= Task =
Make an exact copy of every entry, leaving the pictures out.
Material to process: Begin
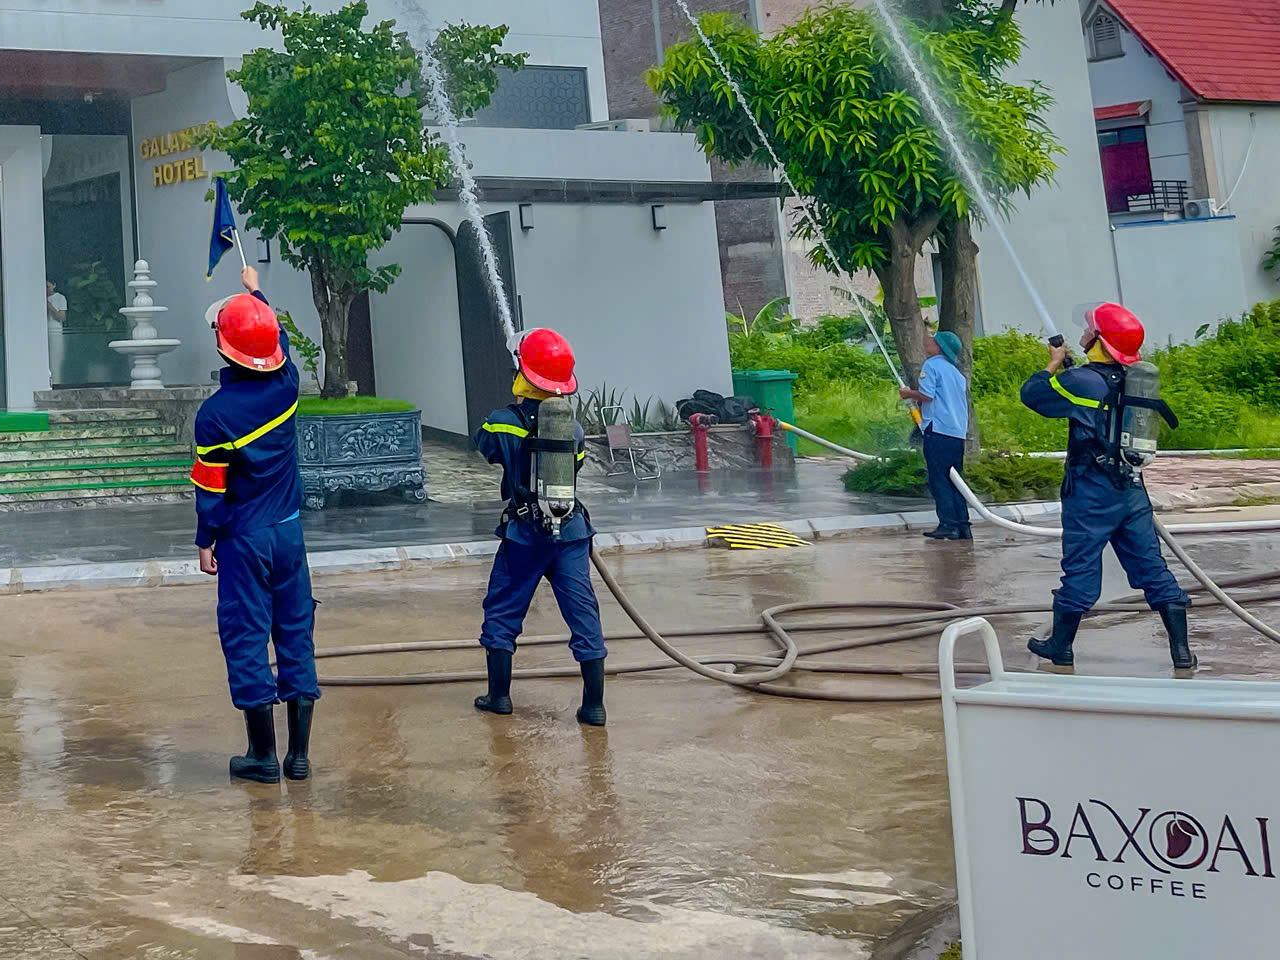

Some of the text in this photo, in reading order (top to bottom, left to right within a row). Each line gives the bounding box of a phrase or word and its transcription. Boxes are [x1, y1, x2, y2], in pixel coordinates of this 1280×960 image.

[152, 155, 208, 188] HOTEL
[1016, 796, 1277, 878] BAXOAI
[1086, 872, 1207, 900] COFFEE
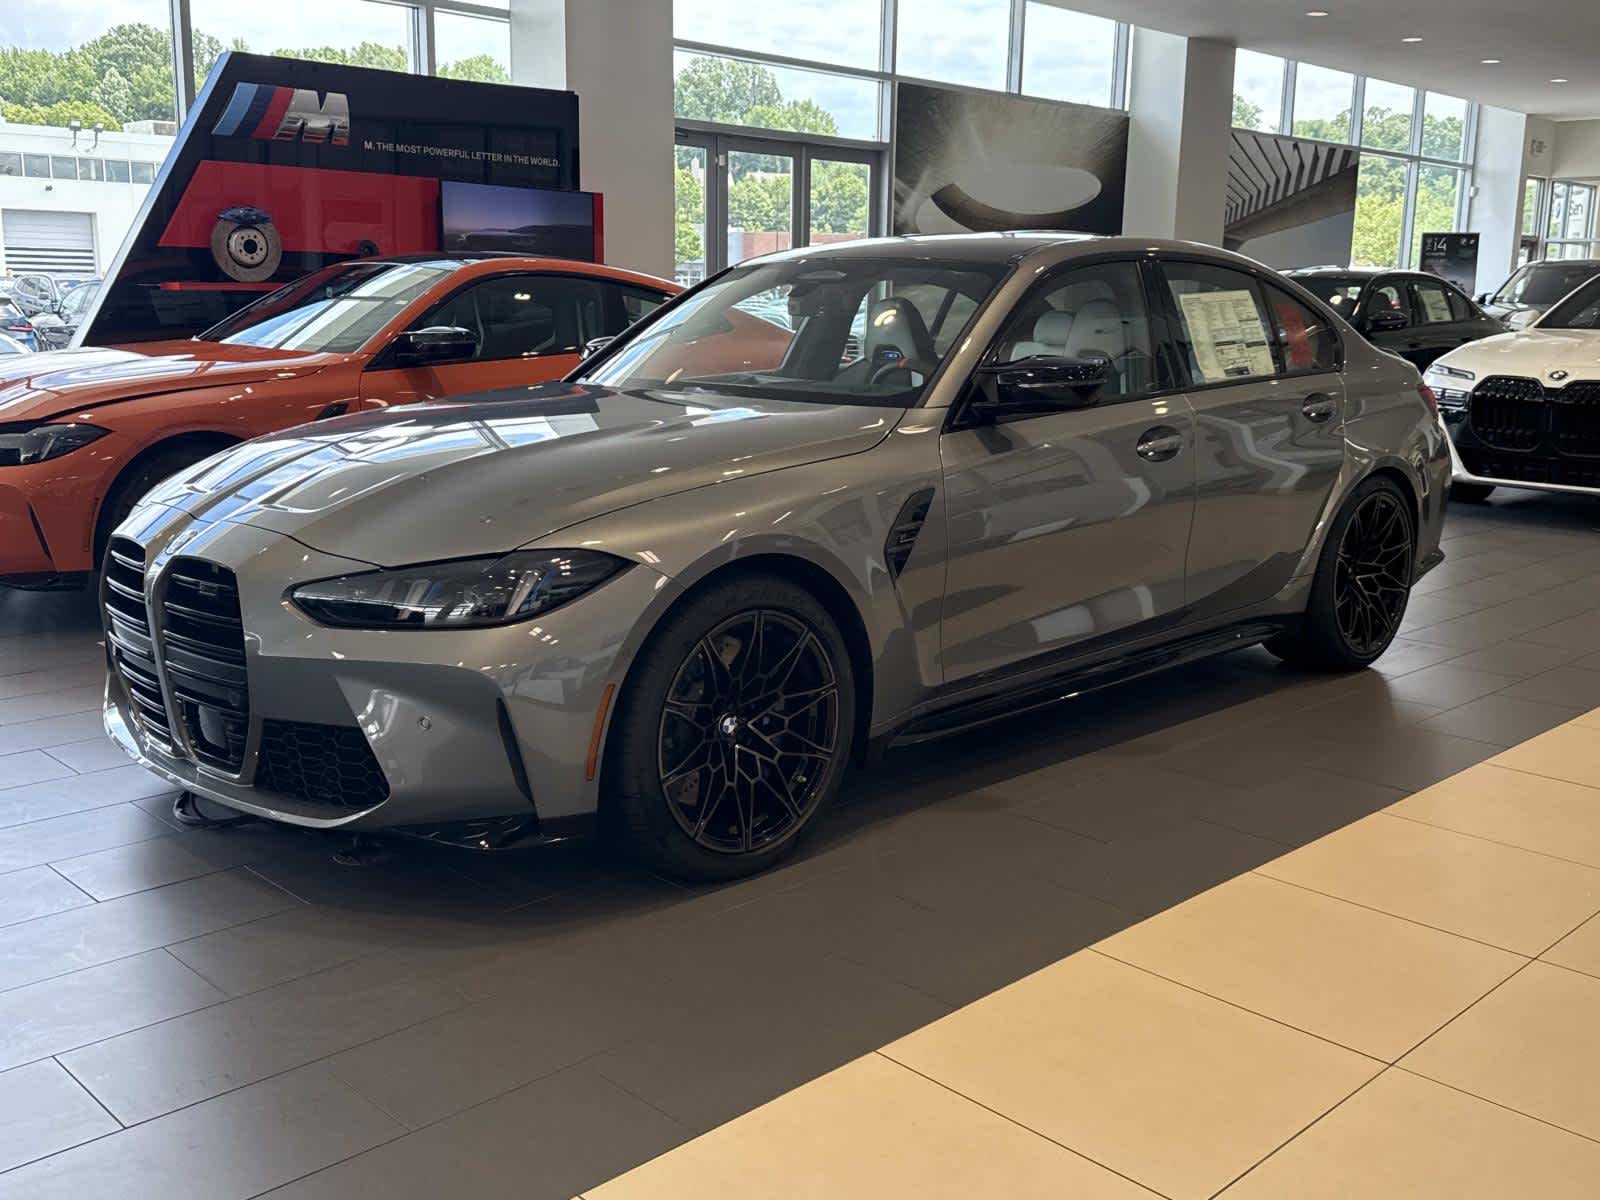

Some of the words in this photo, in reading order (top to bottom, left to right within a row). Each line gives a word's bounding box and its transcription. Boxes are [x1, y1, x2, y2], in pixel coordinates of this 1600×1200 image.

[272, 88, 350, 146] M
[364, 140, 375, 151] M.
[376, 141, 395, 152] THE
[396, 143, 422, 154] MOST
[423, 145, 470, 160] POWERFUL
[471, 151, 503, 162] LETTER
[504, 154, 513, 163] IN
[513, 154, 529, 165] THE
[530, 156, 561, 167] WORLD.
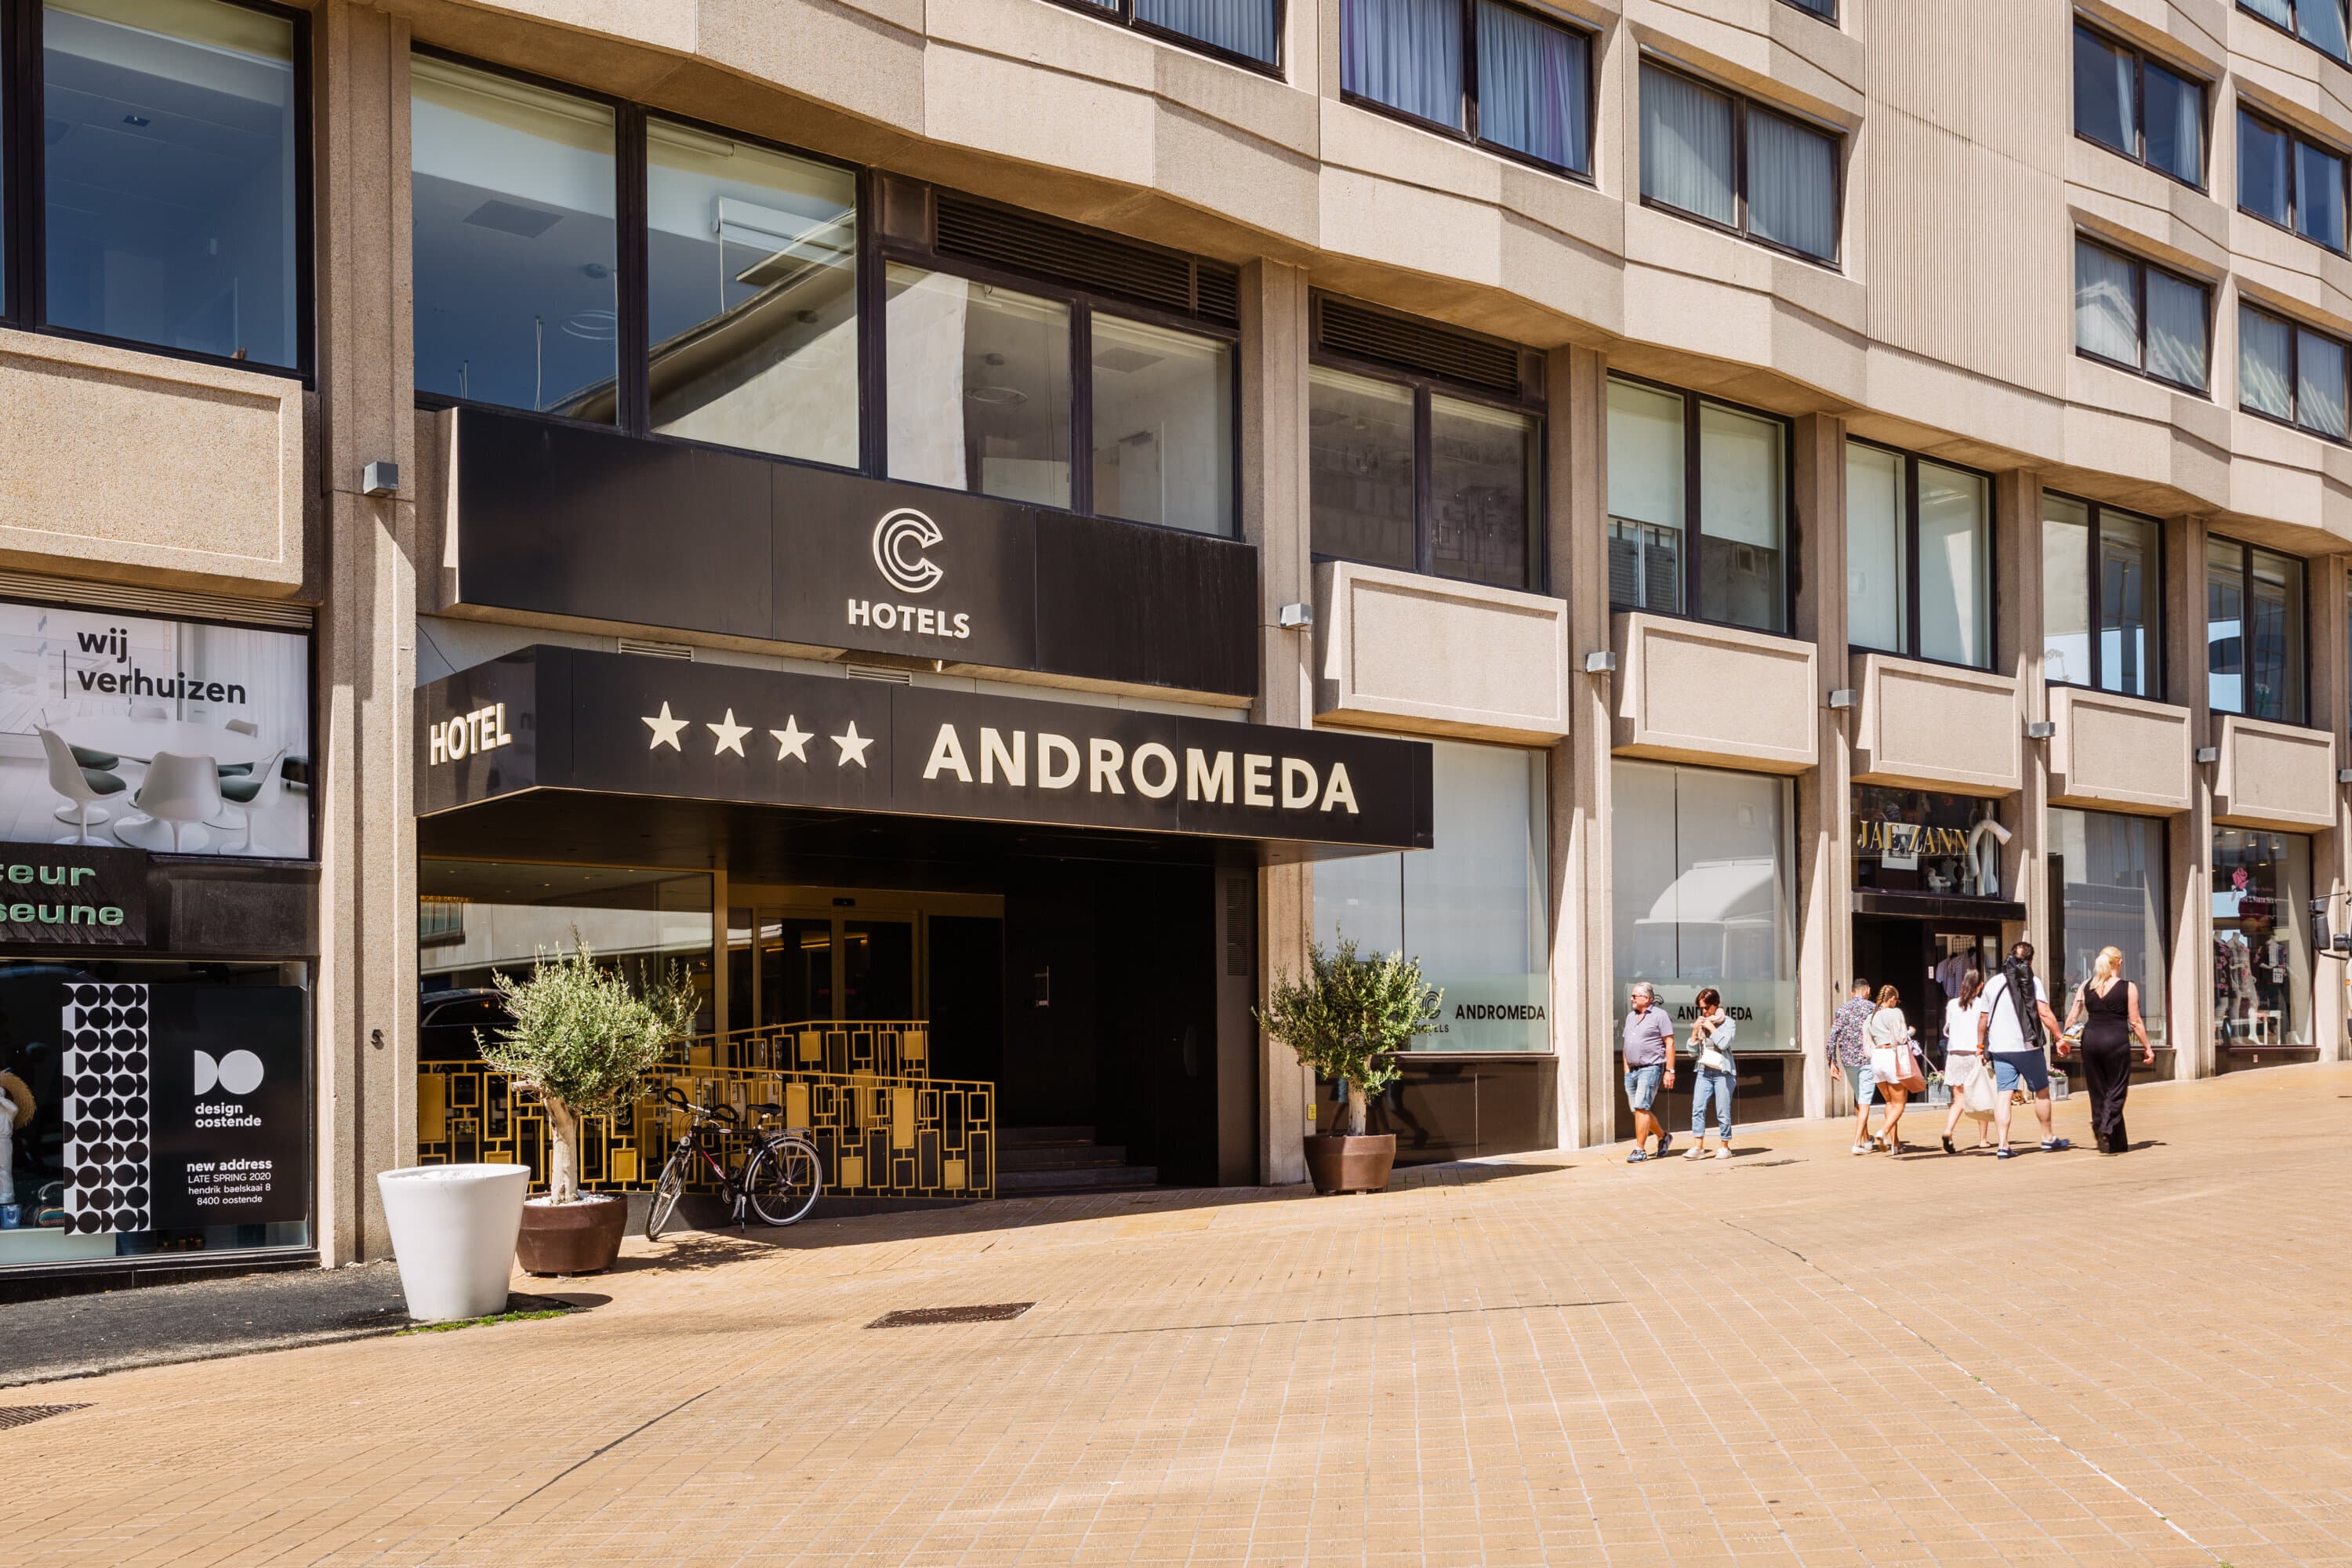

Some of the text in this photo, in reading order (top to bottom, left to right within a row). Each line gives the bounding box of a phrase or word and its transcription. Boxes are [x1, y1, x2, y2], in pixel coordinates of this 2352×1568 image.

[873, 507, 944, 593] C
[848, 598, 971, 639] HOTELS
[76, 627, 129, 663] wij
[76, 667, 246, 705] verhuizen
[430, 702, 514, 766] HOTEL
[922, 723, 1359, 815] ANDROMEDA
[1455, 1004, 1545, 1020] ANDROMEDA
[1677, 1006, 1753, 1021] ANDEDA
[195, 1102, 243, 1116] design
[195, 1115, 262, 1128] oostende
[187, 1159, 273, 1172] new address
[188, 1172, 271, 1184] LATE SPRING 2020
[188, 1183, 271, 1195] hendrik baelskaai 8
[197, 1195, 263, 1206] 8400 oostende
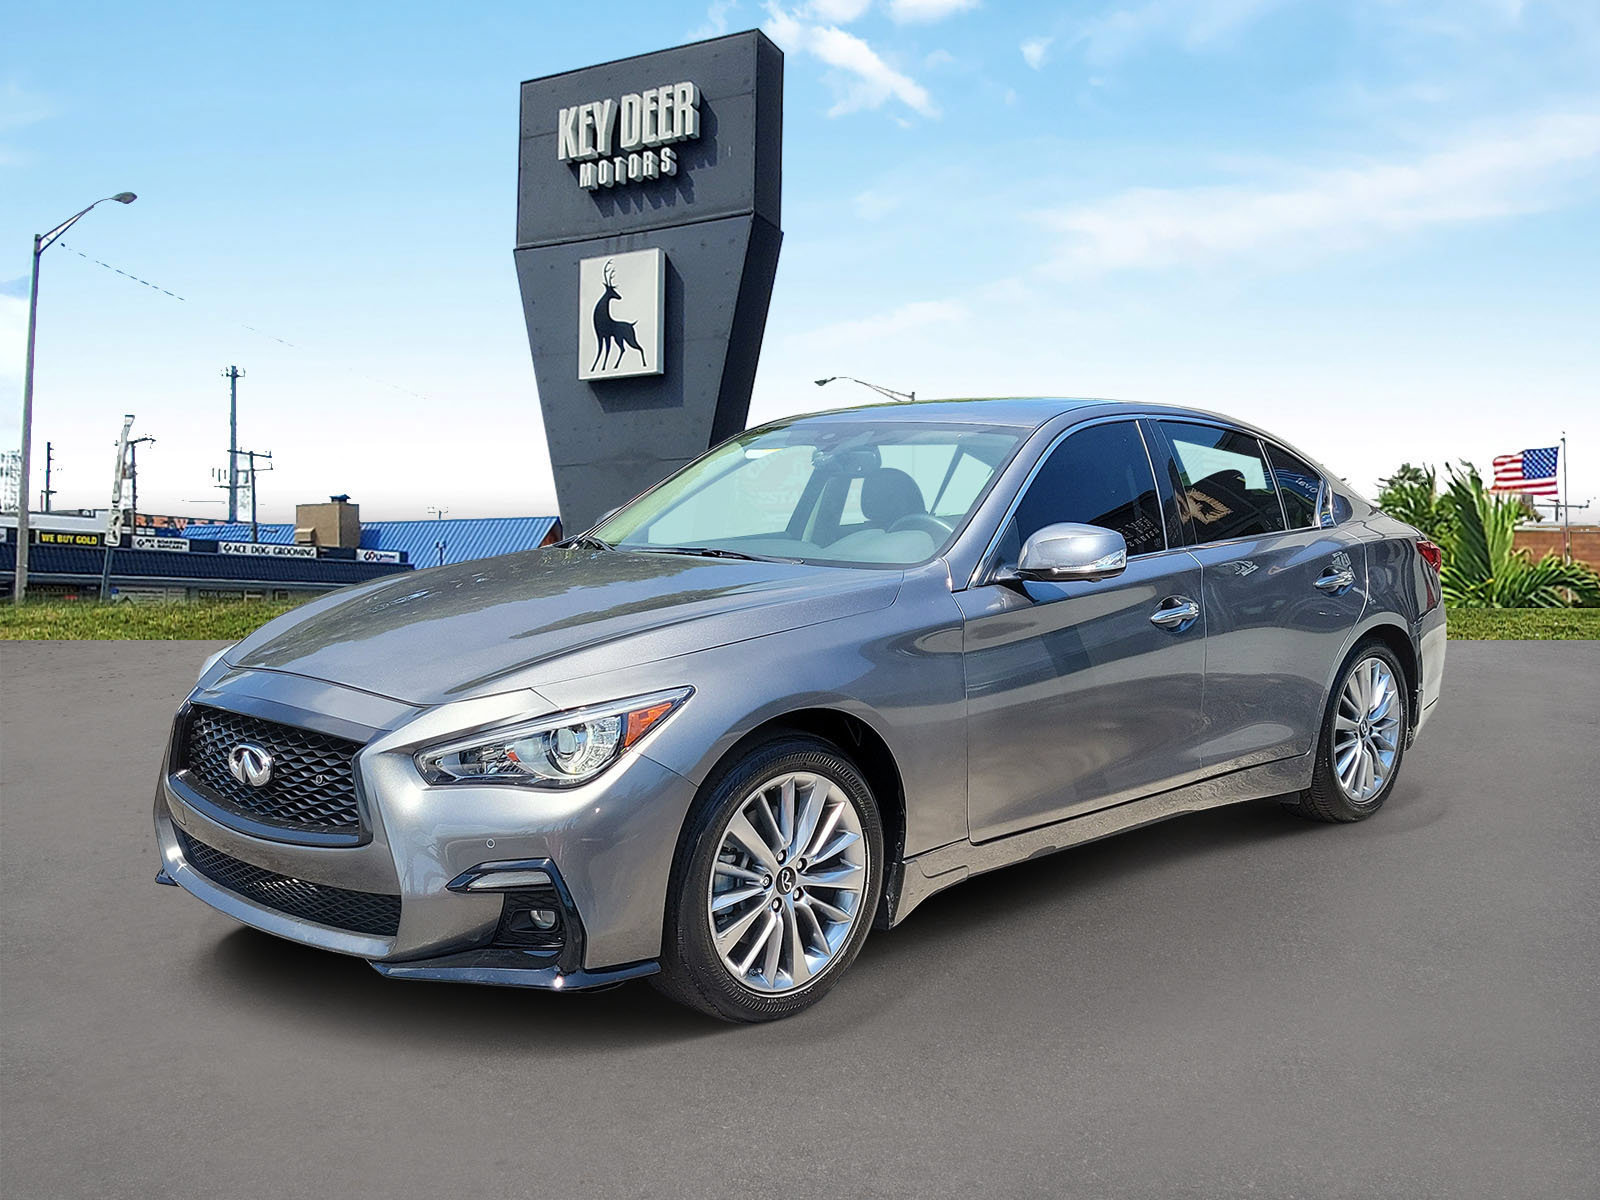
Material to process: End
= Written reply =
Some of the text in this photo, in reading order (top to bottom, left to right within a row). Each line gives the bounding box of a phrase or word and its transcription. Boxes are [x1, y1, x2, y2], in pixel coordinates of this 1280×960 image.

[152, 155, 208, 188] HOTEL
[1016, 796, 1277, 878] BAXOAI
[1086, 872, 1207, 900] COFFEE

Some of the words in this photo, in reading order (top to bottom, left to right within a row). Each line gives a word's bounding box and its transcription. Boxes are [x1, y1, x2, y2], in pixel coordinates of this 1600×1200 image.

[272, 88, 350, 146] M
[364, 140, 375, 151] M.
[376, 141, 395, 152] THE
[396, 143, 422, 154] MOST
[423, 145, 470, 160] POWERFUL
[471, 151, 503, 162] LETTER
[504, 154, 513, 163] IN
[513, 154, 529, 165] THE
[530, 156, 561, 167] WORLD.

Some of the text in this photo, in reading order (top to bottom, left to right within a row). Each line gives the bounding box of a phrase or word and its transcription. Boxes are [x1, y1, x2, y2], in pixel coordinates of this 2352×1568 image.

[873, 507, 944, 593] C
[848, 598, 971, 639] HOTELS
[76, 627, 129, 663] wij
[76, 667, 246, 705] verhuizen
[430, 702, 514, 766] HOTEL
[922, 723, 1359, 815] ANDROMEDA
[1455, 1004, 1545, 1020] ANDROMEDA
[1677, 1006, 1753, 1021] ANDEDA
[195, 1102, 243, 1116] design
[195, 1115, 262, 1128] oostende
[187, 1159, 273, 1172] new address
[188, 1172, 271, 1184] LATE SPRING 2020
[188, 1183, 271, 1195] hendrik baelskaai 8
[197, 1195, 263, 1206] 8400 oostende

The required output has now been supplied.